Curated Optogenetic Publication Database

Abstract: Towards the bottom-up assembly of synthetic cells from molecular building blocks it is an ongoing challenge to assemble micrometer sized compartments that host different processes into precise multicompartmental assemblies, also called prototissues. The difficulty lies in controlling interactions between different compartments dynamically both in space and time, as these interactions determine how they organize with respect to each other and how they work together. In this study, we have been able to control the self-assembly and social self-sorting of four different types of colloids, which we use as a model for synthetic cells, into two separate families with visible light. For this purpose we used two photoswitchable protein pairs (iLID/Nano and nHagHigh/pMagHigh) that both reversibly heterodimerize upon blue light exposure and dissociate from each other in the dark. These photoswitchable proteins provide non-invasive, dynamic and reversible remote control under biocompatible conditions over the self-assembly process with unprecedented spatial and temporal precision. In addition, each protein pair brings together specifically two different types of colloids. The orthogonality of the two protein pairs enables social self-sorting of a four component mixture into two distinct families of colloidal aggregates with controlled arrangements. These results will ultimately pave the way for the bottom-up assembly of multicompartment synthetic prototissues of a higher complexity, enabling us to control precisely and dynamically the organization of different compartments in space and time.
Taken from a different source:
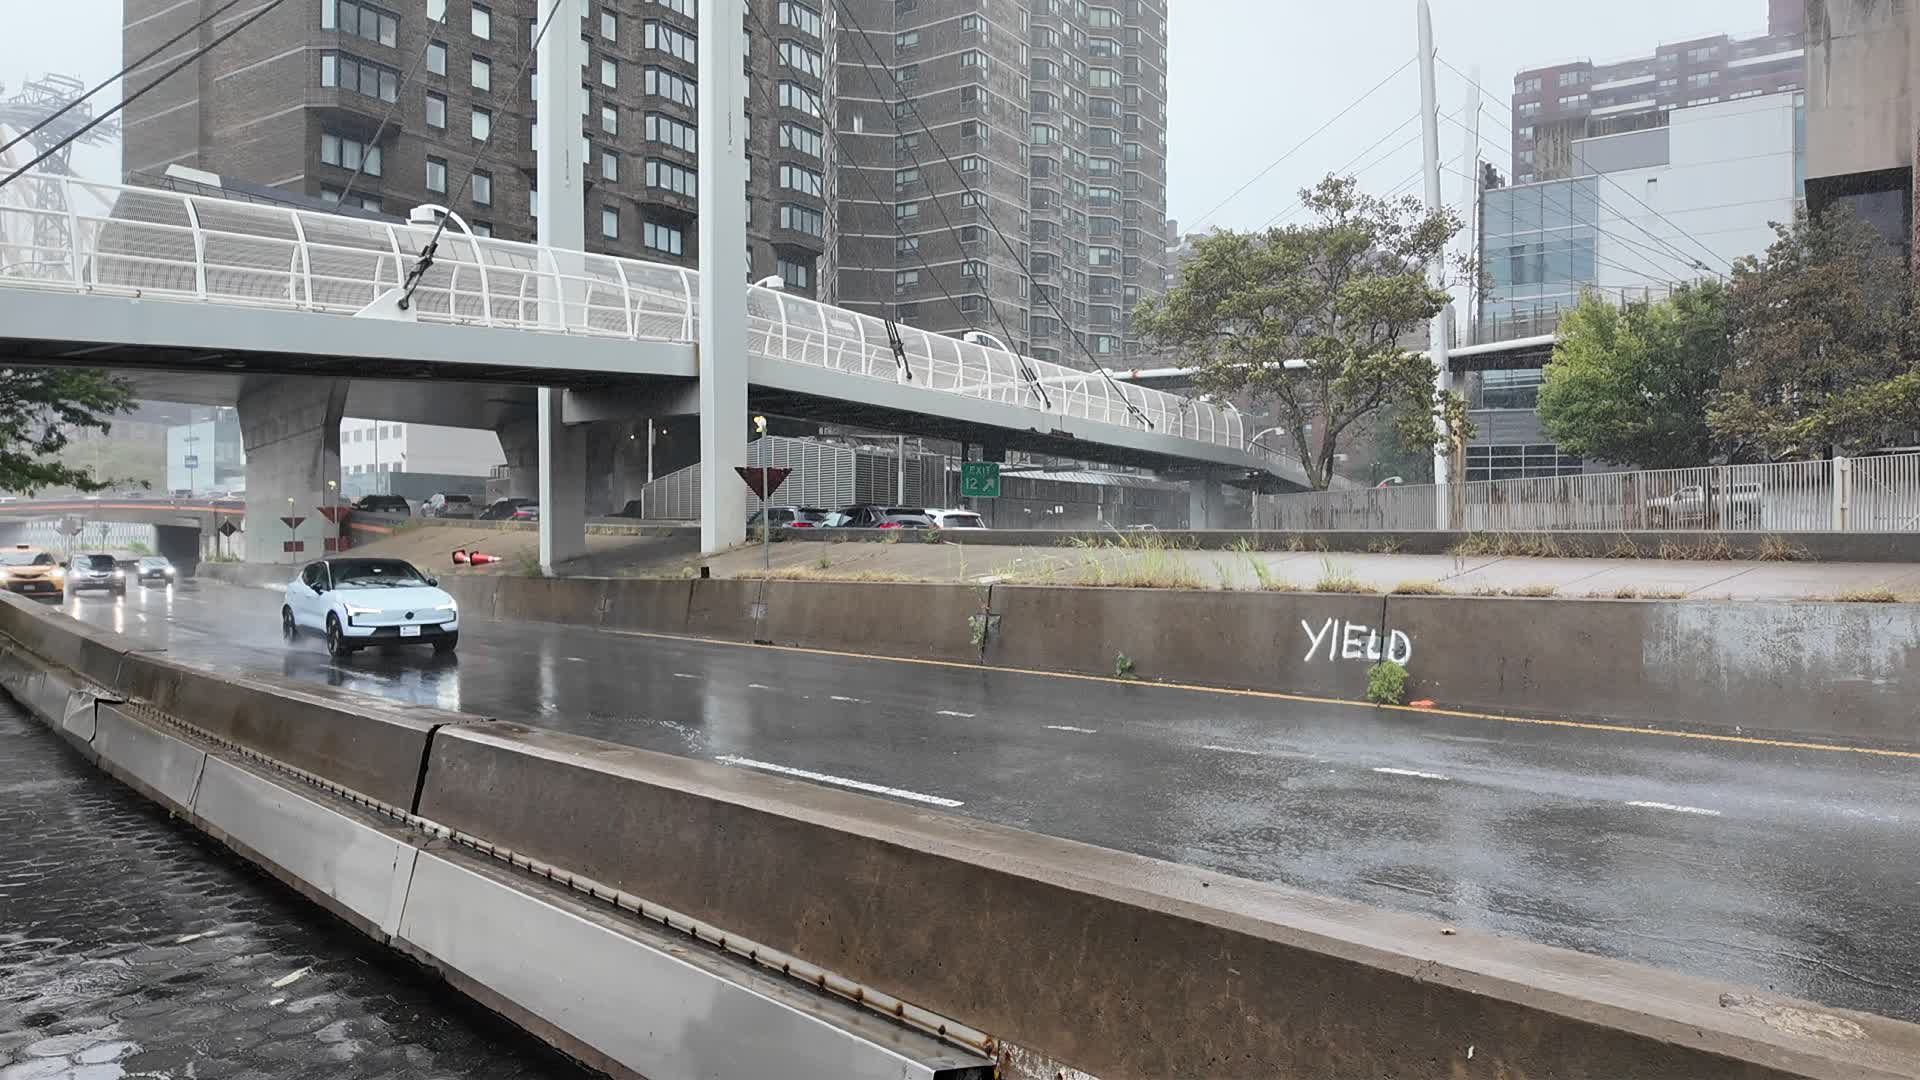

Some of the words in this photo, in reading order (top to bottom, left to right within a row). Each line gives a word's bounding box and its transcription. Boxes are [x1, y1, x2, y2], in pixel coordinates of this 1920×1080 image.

Abstract: Independent control over multiple cell–material interactions with high spatiotemporal resolution is a key for many biomedical applications and understanding cell biology, as different cell types can perform different tasks in a multicellular context. In this study, the binding of two different cell types to materials is orthogonally controlled with blue and red light providing independent regulation in space and time. Cells expressing the photoswitchable protein cryptochrome 2 (CRY2) on cell surface bind to N‐truncated CRY‐interacting basic helix–loop–helix protein 1 (CIBN)‐immobilized substrates under blue light and cells expressing the photoswitchable protein phytochrome B (PhyB ) on cell surface bind to phytochrome interaction factor 6 (PIF6)‐immobilized substrates under red light, respectively. These light‐switchable cell interactions provide orthogonal and noninvasive control using two wavelengths of visible light. Moreover, both cell–material interactions are dynamically switched on under light and reversible in the dark. The specificity of the CRY2/CIBN and PhyB/PIF6 interactions and their response to different wavelengths of light allow selectively activating the binding of one cell type with blue and the other cell type with red light in the presence of the other cell type.

Abstract: Once materials come in contact with a biological fluid containing proteins, proteins are generally - so desired or not - attracted by a material's surface and adsorb onto it. The aim of this review is to give an overview of the most commonly used characterization methods employed to obtain a better understanding of the adsorption processes on either planar or curved surfaces. We continue to illustrate the benefit of combining different methods to different surface geometries of the material. The thus obtained insights ideally pave the way for engineering functional materials interacting in a predetermined manner with proteins.

Abstract: The blue light-dependent interaction between the proteins iLID and Nano allows recruiting and patterning proteins on GUV membranes, which thereby capture key features of patterns observed in nature. This photoswitchable protein interaction provides non-invasive, reversible and dynamic control over protein patterns of different sizes with high specificity and spatiotemporal resolution.

Abstract: The control of where and when bacteria adhere to a substrate is a key step toward controlling the formation and organization in biofilms. This study shows how we engineer bacteria to adhere specifically to substrates with high spatial and temporal control under blue light, but not in the dark, by using photoswitchable interaction between nMag and pMag proteins. For this, we express pMag proteins on the surface of E. coli so that the bacteria can adhere to substrates with immobilized nMag protein under blue light. These adhesions are reversible in the dark and can be repeatedly turned on and off. Further, the number of bacteria that can adhere to the substrate as well as the attachment and detachment dynamics are adjustable by using different point mutants of pMag and altering light intensity. Overall, the blue light switchable bacteria adhesions offer reversible, tunable and bioorthogonal control with exceptional spatial and temporal resolution. This enables us to pattern bacteria on substrates with great flexibility.